Placebo (normal saline) is infused at a rate of 0.025-0.05 ml/kg/h from study recruitment in the ICU during mechanical ventilation, for no more than 7 days.
Peking University First Hospital
Beijing, Beijing Municipality, China
Incidence of delirium within the first 7 days after enrollment
Delirium is assessed twice daily (from 06:00 to 10:00 and from 18:00 to 20:00) with the Confusion Assessment Method for the intensive care unit (CAM-ICU).
Time frame: Up to 7 days after enrollment
Duration of mechanical ventilation.
Duration of mechanical ventilation after study enrollment.
Time frame: Up to 30 days after enrollment
Length of stay in the ICU.
Length of stay in the ICU after study enrollment.
Time frame: Up to 30 days after enrollment
Length of stay in the hospital.
Length of stay in the hospital after study enrollment.
Time frame: Up to 30 days after enrollment
Incidence of non-delirium complications.
Non-delirium complications are defined as newly occurred medical conditions other than delirium that required therapeutic intervention, i.e., grade 2 or higher on Clavien-Dindo classification.

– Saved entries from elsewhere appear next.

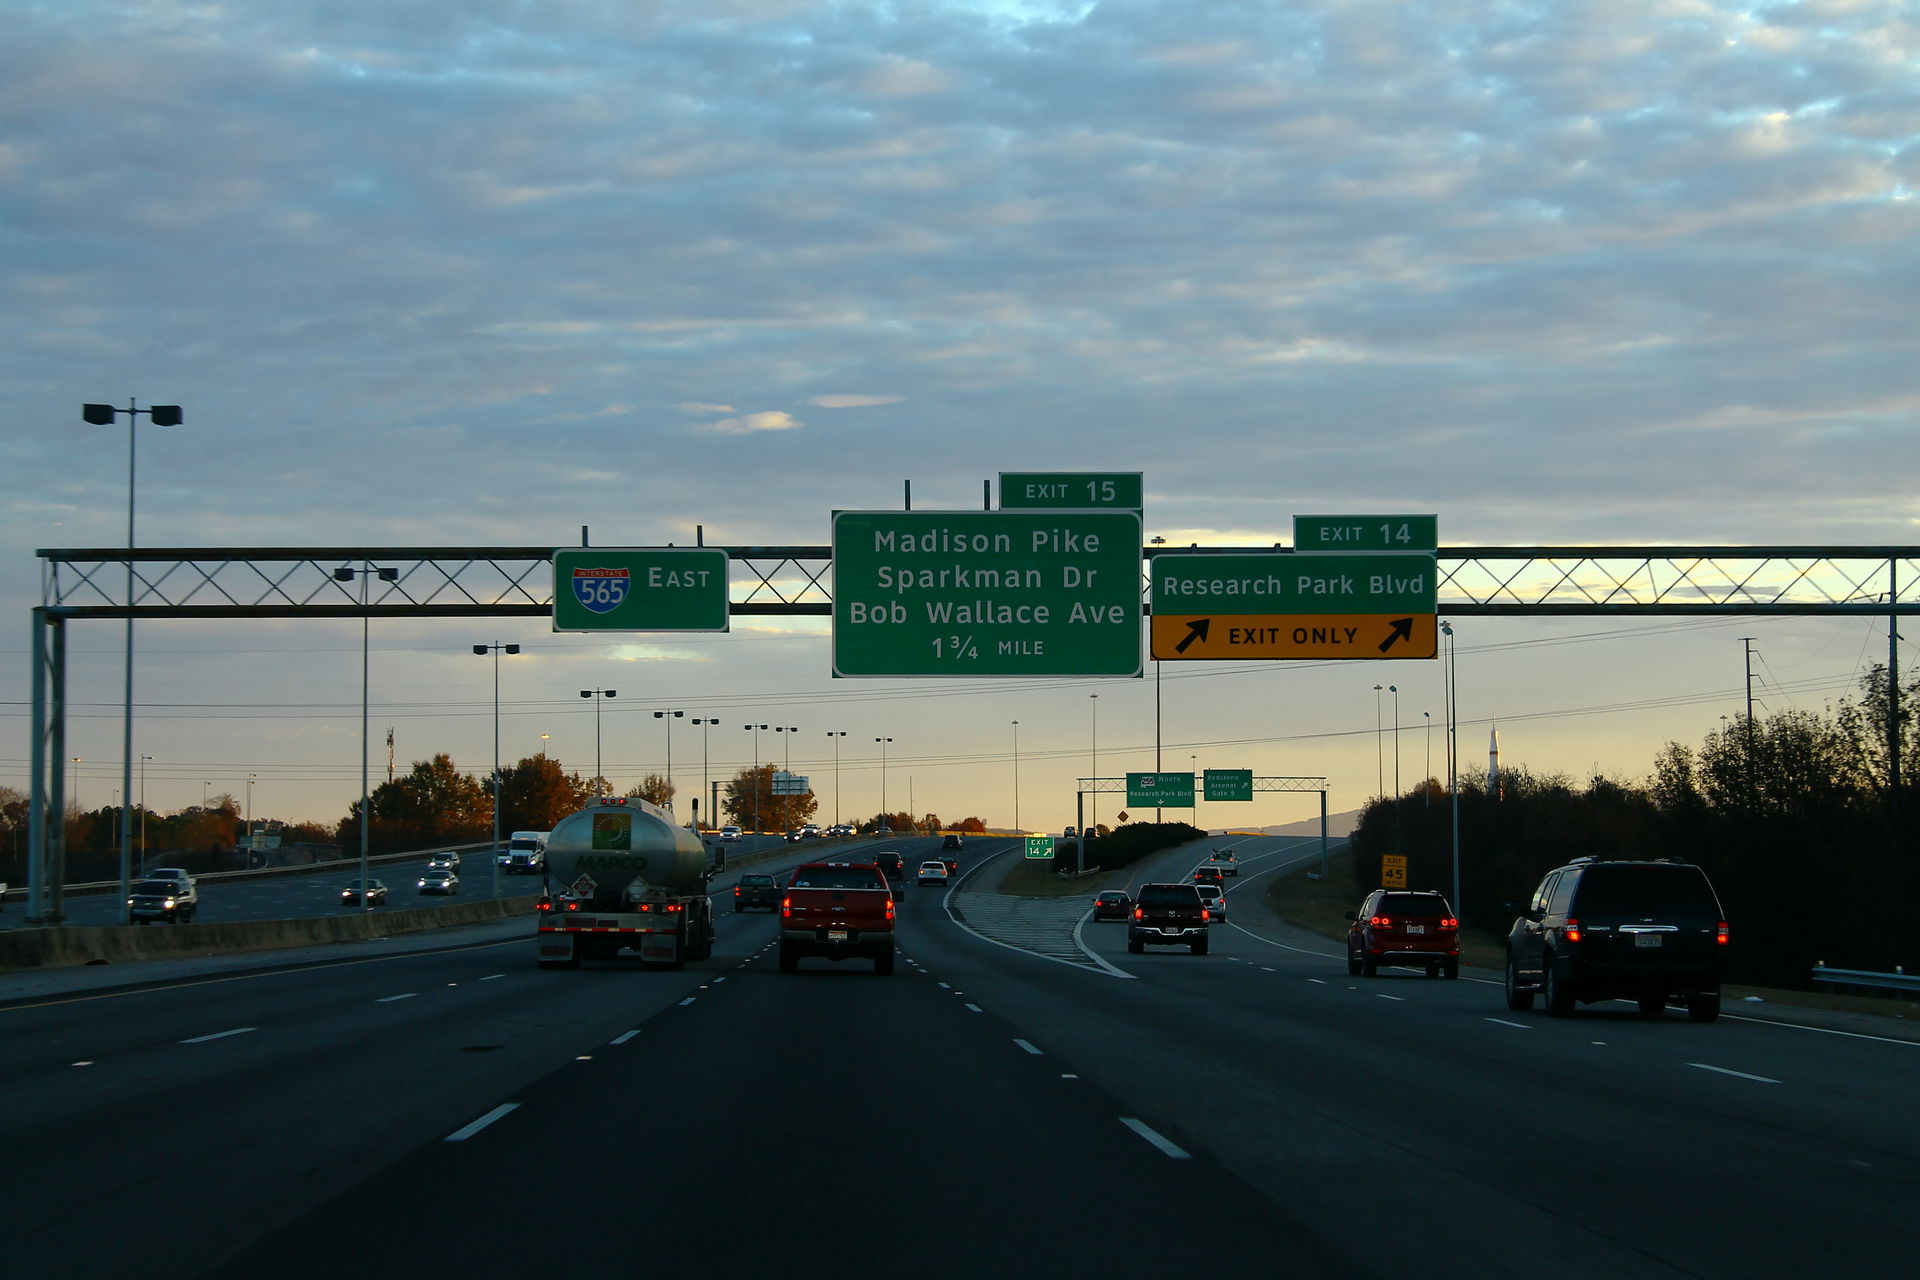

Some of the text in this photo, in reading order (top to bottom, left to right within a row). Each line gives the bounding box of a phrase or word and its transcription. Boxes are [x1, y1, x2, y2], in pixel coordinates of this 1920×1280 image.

[1026, 481, 1115, 501] EXIT 15
[874, 529, 1100, 552] Madison Pike
[1320, 523, 1411, 544] EXIT 14
[878, 565, 1098, 594] Sparkman Dr
[1164, 574, 1424, 595] Research Park Blvd
[582, 579, 624, 604] 565
[850, 600, 1125, 624] Bob Wallace Ave
[1229, 627, 1358, 645] EXIT ONLY
[998, 641, 1044, 655] MILE
[1141, 777, 1155, 785] 255
[575, 855, 648, 872] MAPCO
[1385, 869, 1403, 879] 45
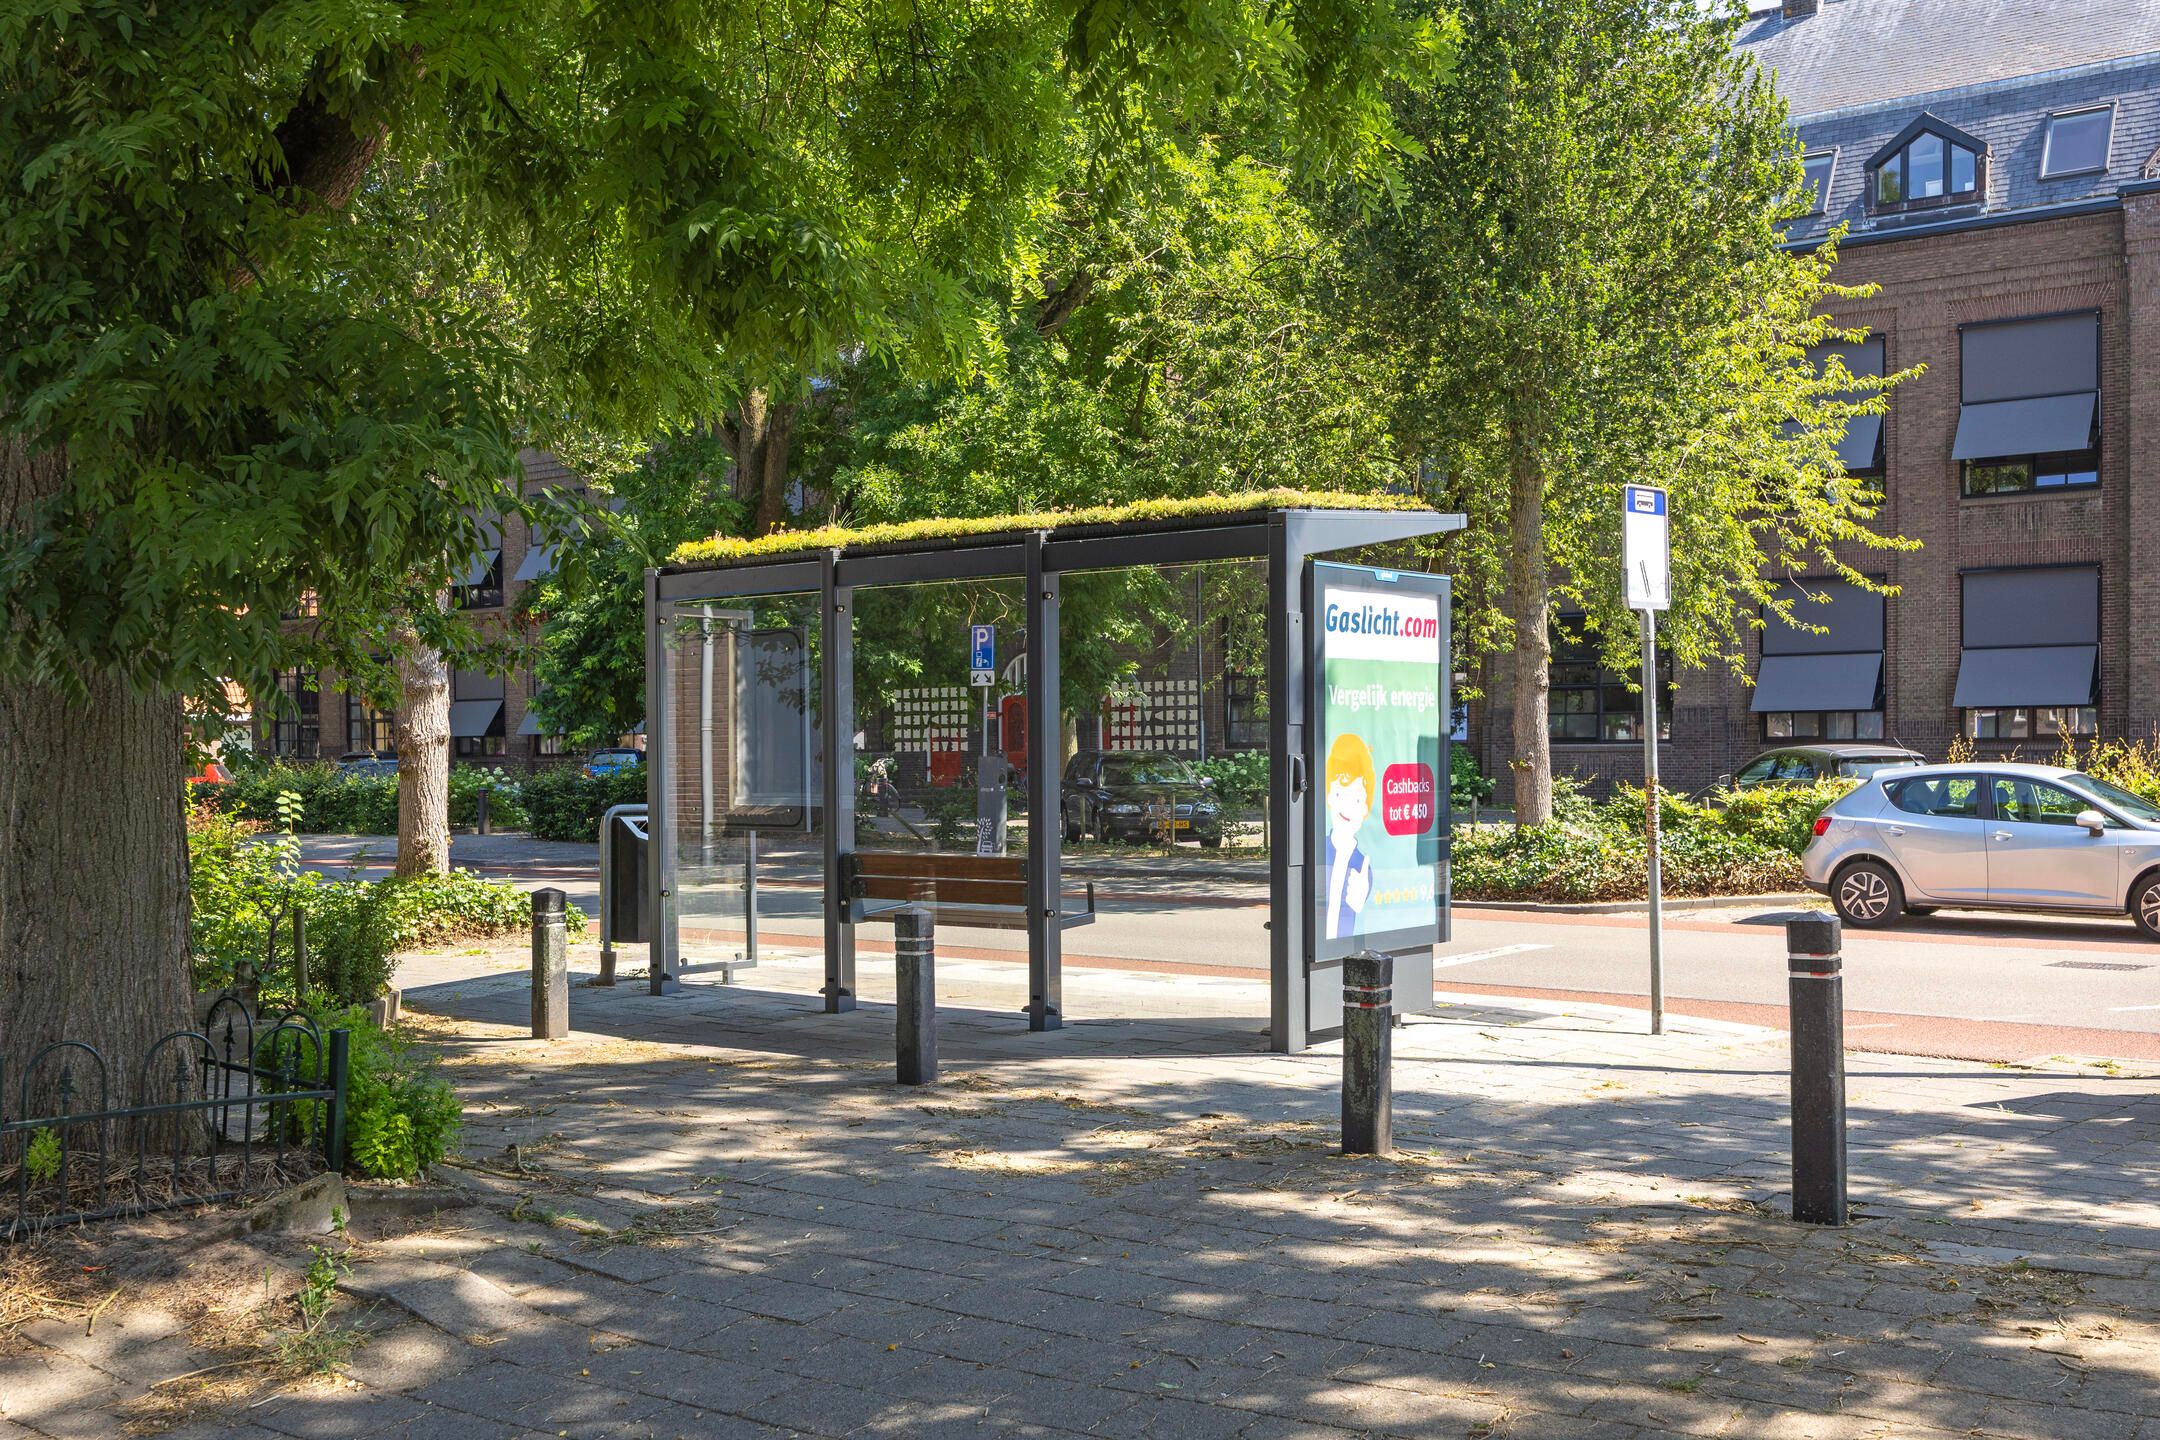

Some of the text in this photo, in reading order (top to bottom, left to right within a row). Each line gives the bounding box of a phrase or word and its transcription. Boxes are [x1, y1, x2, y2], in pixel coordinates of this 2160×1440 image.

Time frame: Up to 30 days after enrollment
All-cause 30-day mortality
All-cause 30-day mortality after study enrollment.
Time frame: Up to 30 days after enrollment
30-day cognitive function
Cognitive function is assessed with the Modified Telephone Interview for Cognitive Status (TICS-m) which is a 12-item questionnaire that verbally assesses global cognitive function via telephone. The score ranges from 0 to 50, with higher score indicating better function.
Time frame: On the 30th day after enrollment.
30-day quality of life
Quality-of-life is assessed with the World Health Organization Quality of Life brief version (WHOQOL-BREF) which is a 24-item questionnaire that assesses the quality of life in physical, psychological, and social relationship, and environmental domains. The score ranges from 0 to 100 for each domain, with higher score indicating better function.
Time frame: On the 30th day after enrollment.